Excerpted data

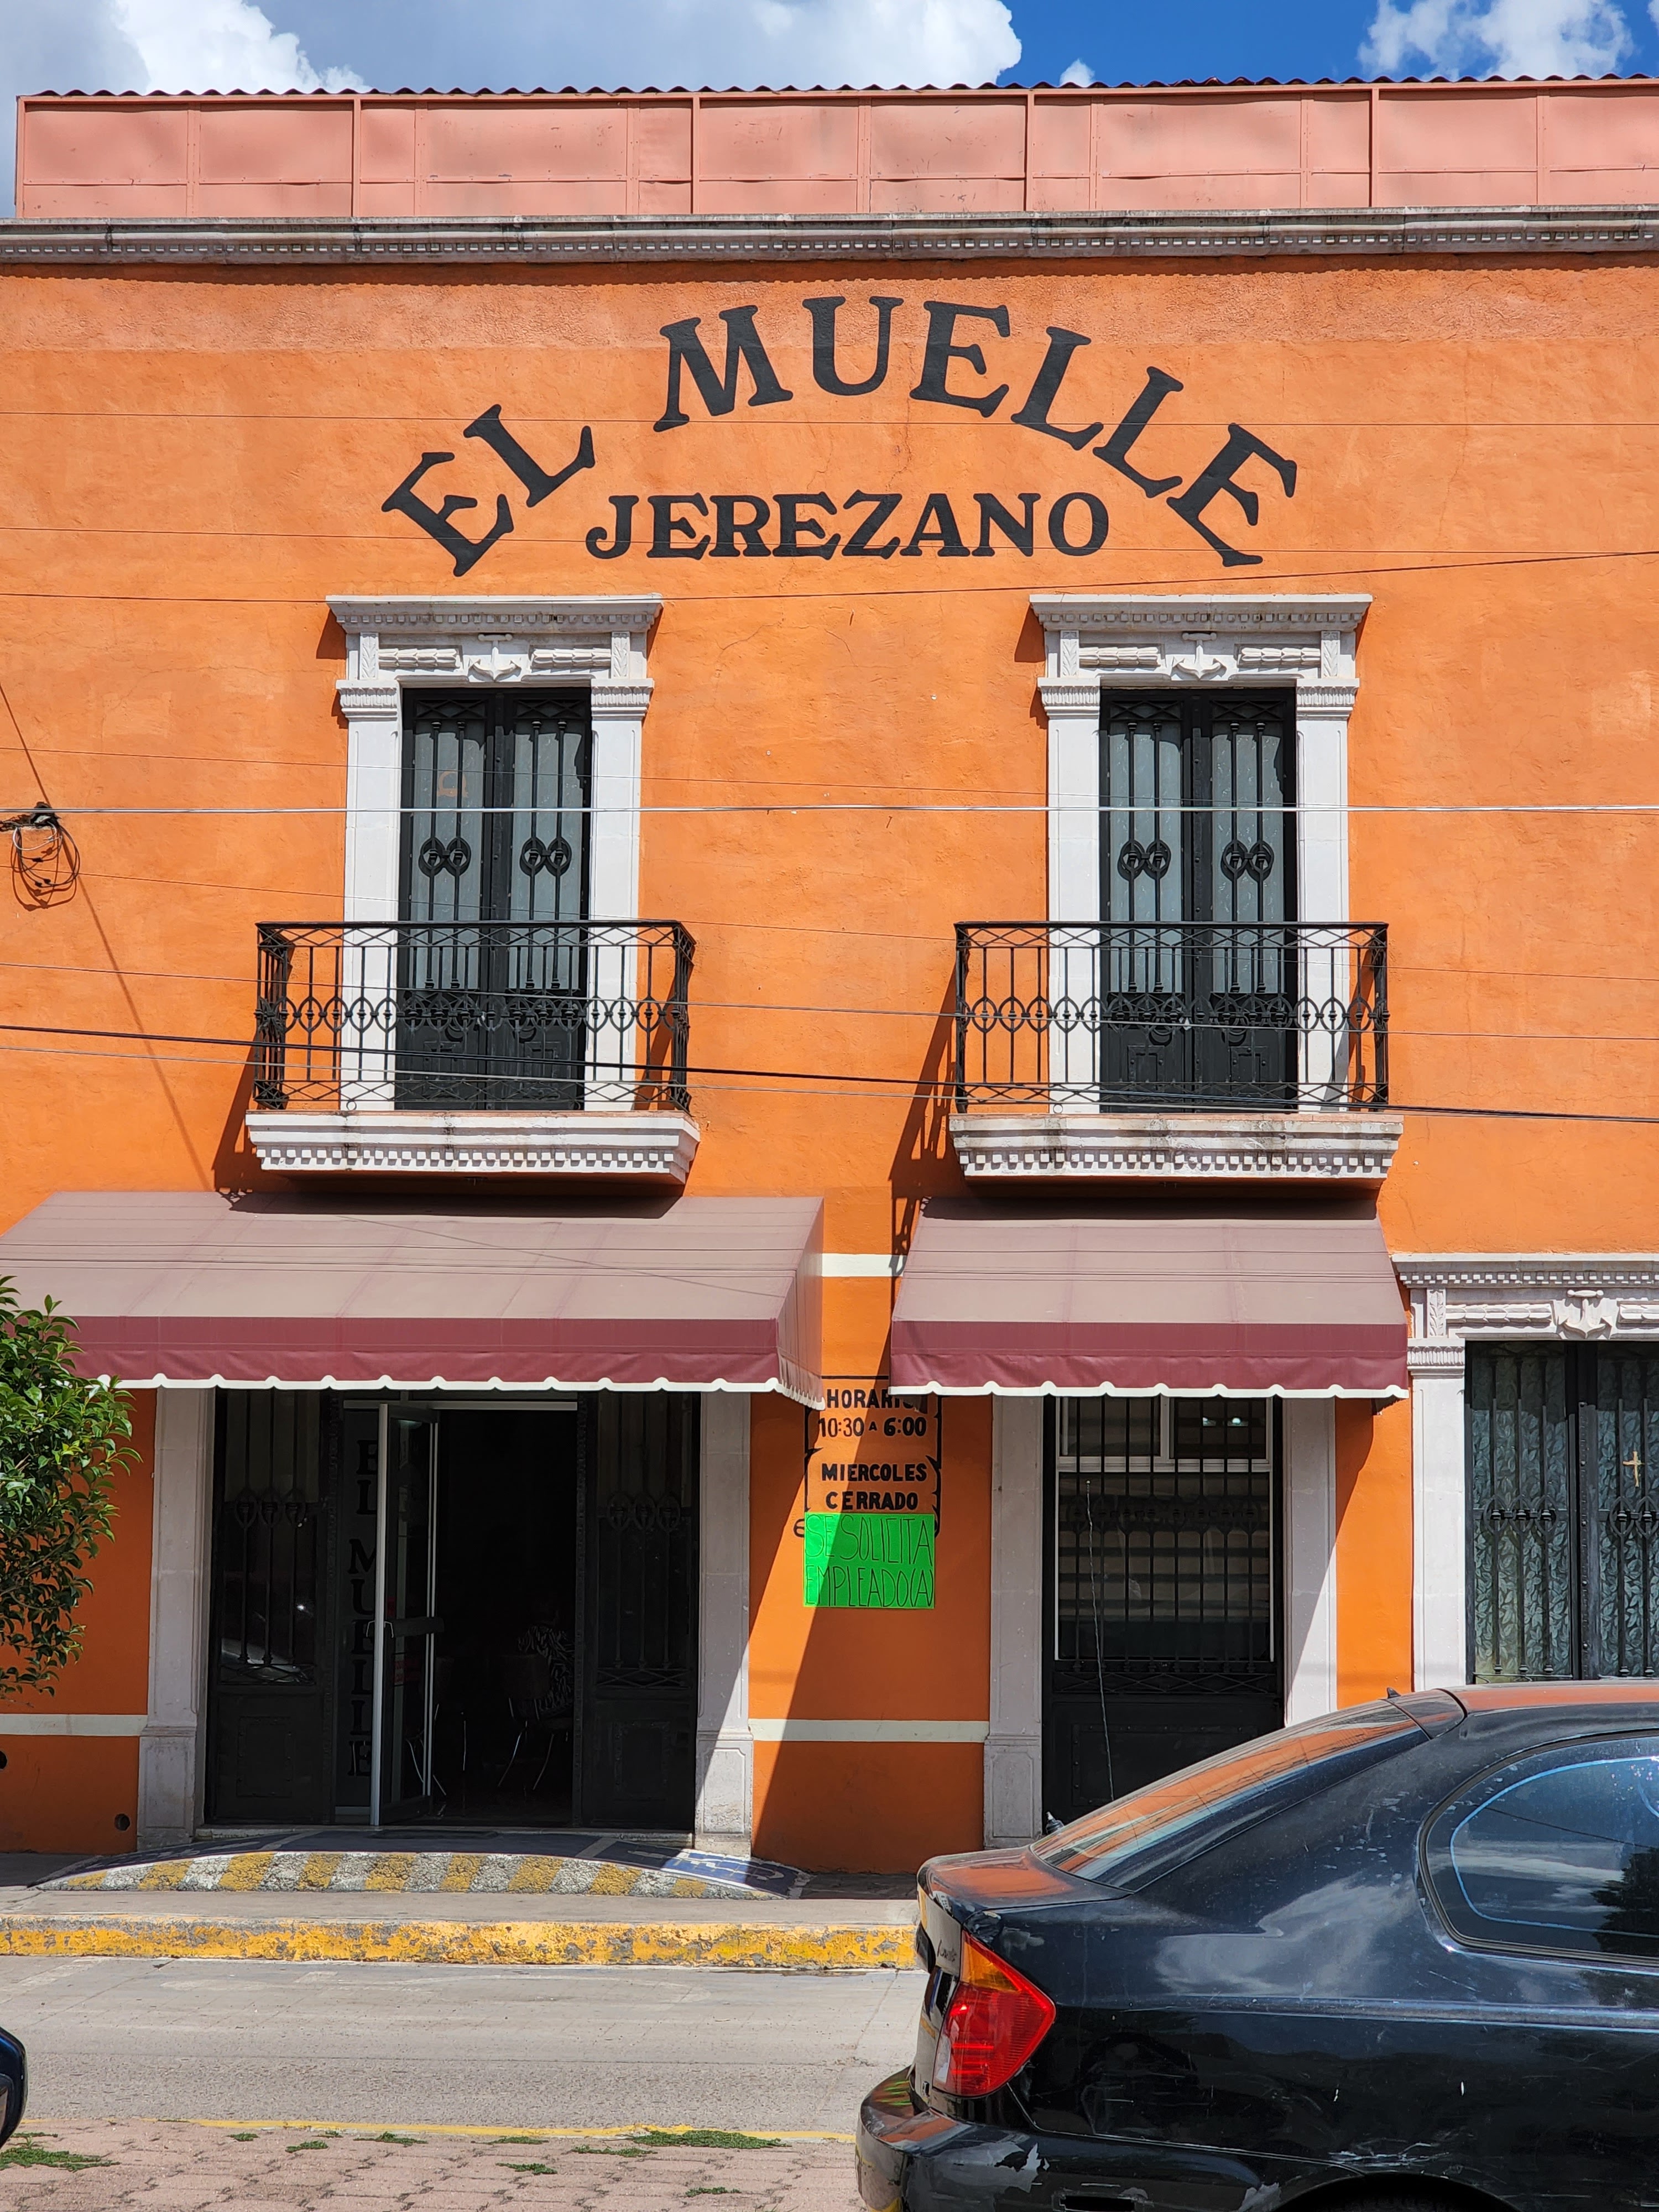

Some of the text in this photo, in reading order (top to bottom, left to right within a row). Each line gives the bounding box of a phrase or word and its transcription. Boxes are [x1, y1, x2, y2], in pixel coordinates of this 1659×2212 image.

[382, 296, 1297, 577] EL MUELLE
[586, 489, 1108, 560] JEREZANO
[818, 1417, 864, 1437] 10:30
[884, 1417, 926, 1437] 6:00
[821, 1463, 927, 1481] MIERCOLES
[826, 1491, 918, 1510] CERRADO
[805, 1514, 933, 1566] SE SOLICITA
[806, 1564, 933, 1607] EMPLEADO(A)
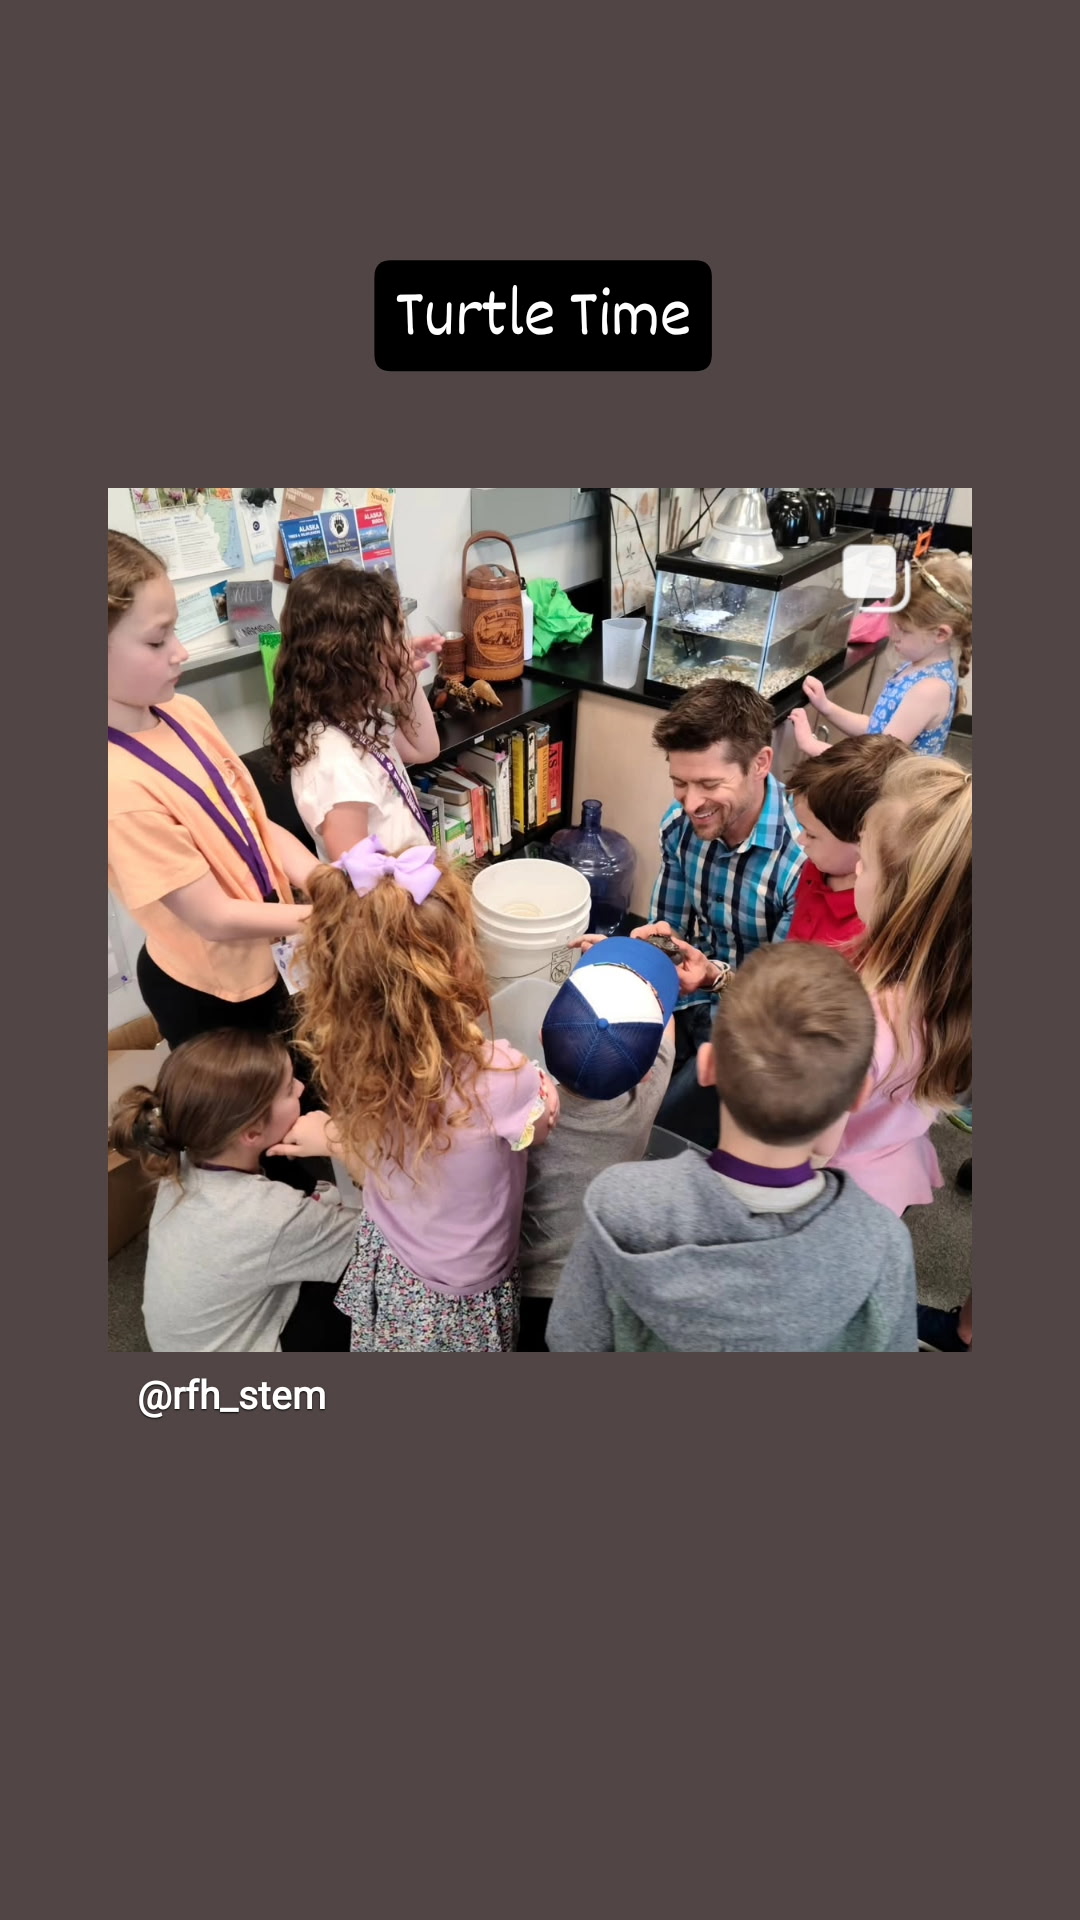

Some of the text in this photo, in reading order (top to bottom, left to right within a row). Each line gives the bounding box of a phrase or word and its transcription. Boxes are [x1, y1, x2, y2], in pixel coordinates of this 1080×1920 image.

[364, 512, 383, 520] ALASKA
[299, 524, 320, 533] ALASKA
[233, 586, 262, 603] WILD
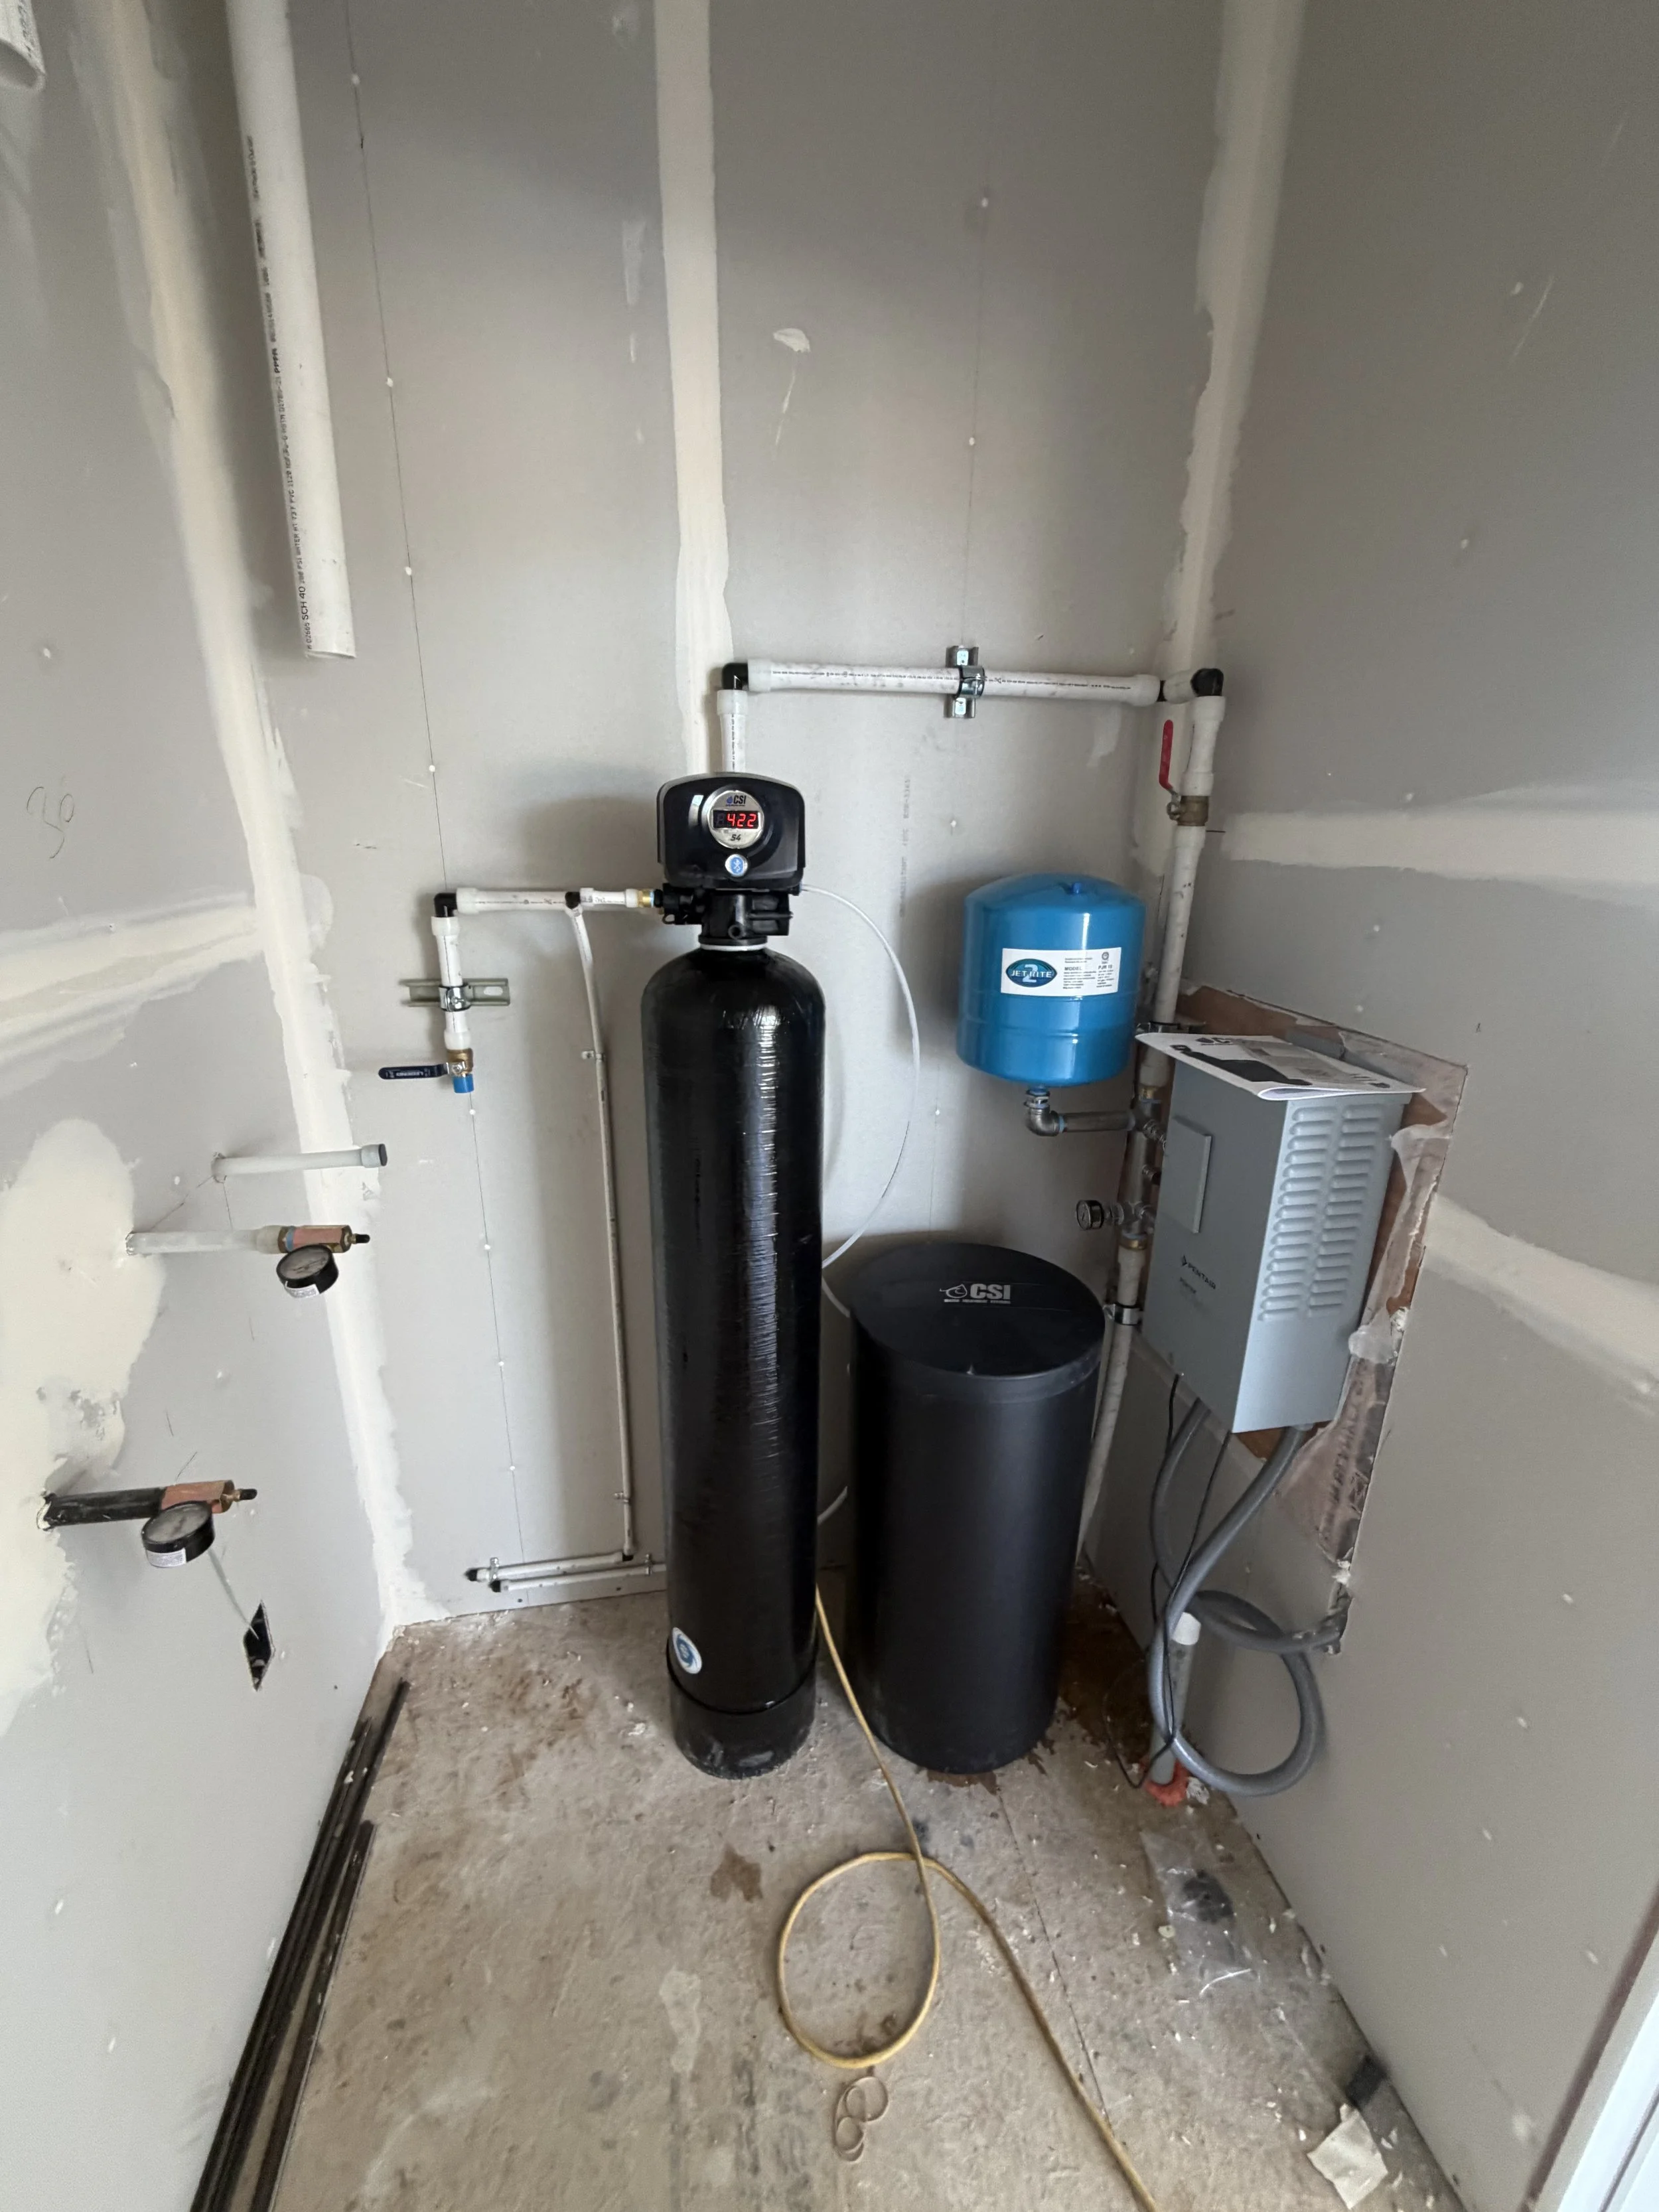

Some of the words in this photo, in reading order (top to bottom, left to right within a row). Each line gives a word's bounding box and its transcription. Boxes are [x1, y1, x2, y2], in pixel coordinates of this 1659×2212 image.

[299, 585, 306, 599] 40
[733, 795, 747, 804] CSI
[727, 813, 757, 828] 422
[1022, 964, 1038, 983] 2
[970, 1283, 1011, 1299] CSI

Assigned task
Please repeat each line above exactly as it appears, but omit the pictures.

Answer below
Some of the text in this photo, in reading order (top to bottom, left to right within a row). Each line gives the bounding box of a phrase or word and its transcription. Boxes are [x1, y1, x2, y2], in pixel coordinates of this 1659×2212 image.

[382, 296, 1297, 577] EL MUELLE
[586, 489, 1108, 560] JEREZANO
[818, 1417, 864, 1437] 10:30
[884, 1417, 926, 1437] 6:00
[821, 1463, 927, 1481] MIERCOLES
[826, 1491, 918, 1510] CERRADO
[805, 1514, 933, 1566] SE SOLICITA
[806, 1564, 933, 1607] EMPLEADO(A)

Some of the text in this photo, in reading order (top to bottom, left to right within a row). Each line gives the bounding box of a phrase or word and its transcription. Boxes are [x1, y1, x2, y2], in pixel coordinates of this 1080×1920 image.

[364, 512, 383, 520] ALASKA
[299, 524, 320, 533] ALASKA
[233, 586, 262, 603] WILD

Some of the words in this photo, in reading order (top to bottom, left to right within a row). Each line gives a word's bounding box and its transcription. Boxes are [x1, y1, x2, y2], in pixel coordinates of this 1659×2212 image.

[299, 585, 306, 599] 40
[733, 795, 747, 804] CSI
[727, 813, 757, 828] 422
[1022, 964, 1038, 983] 2
[970, 1283, 1011, 1299] CSI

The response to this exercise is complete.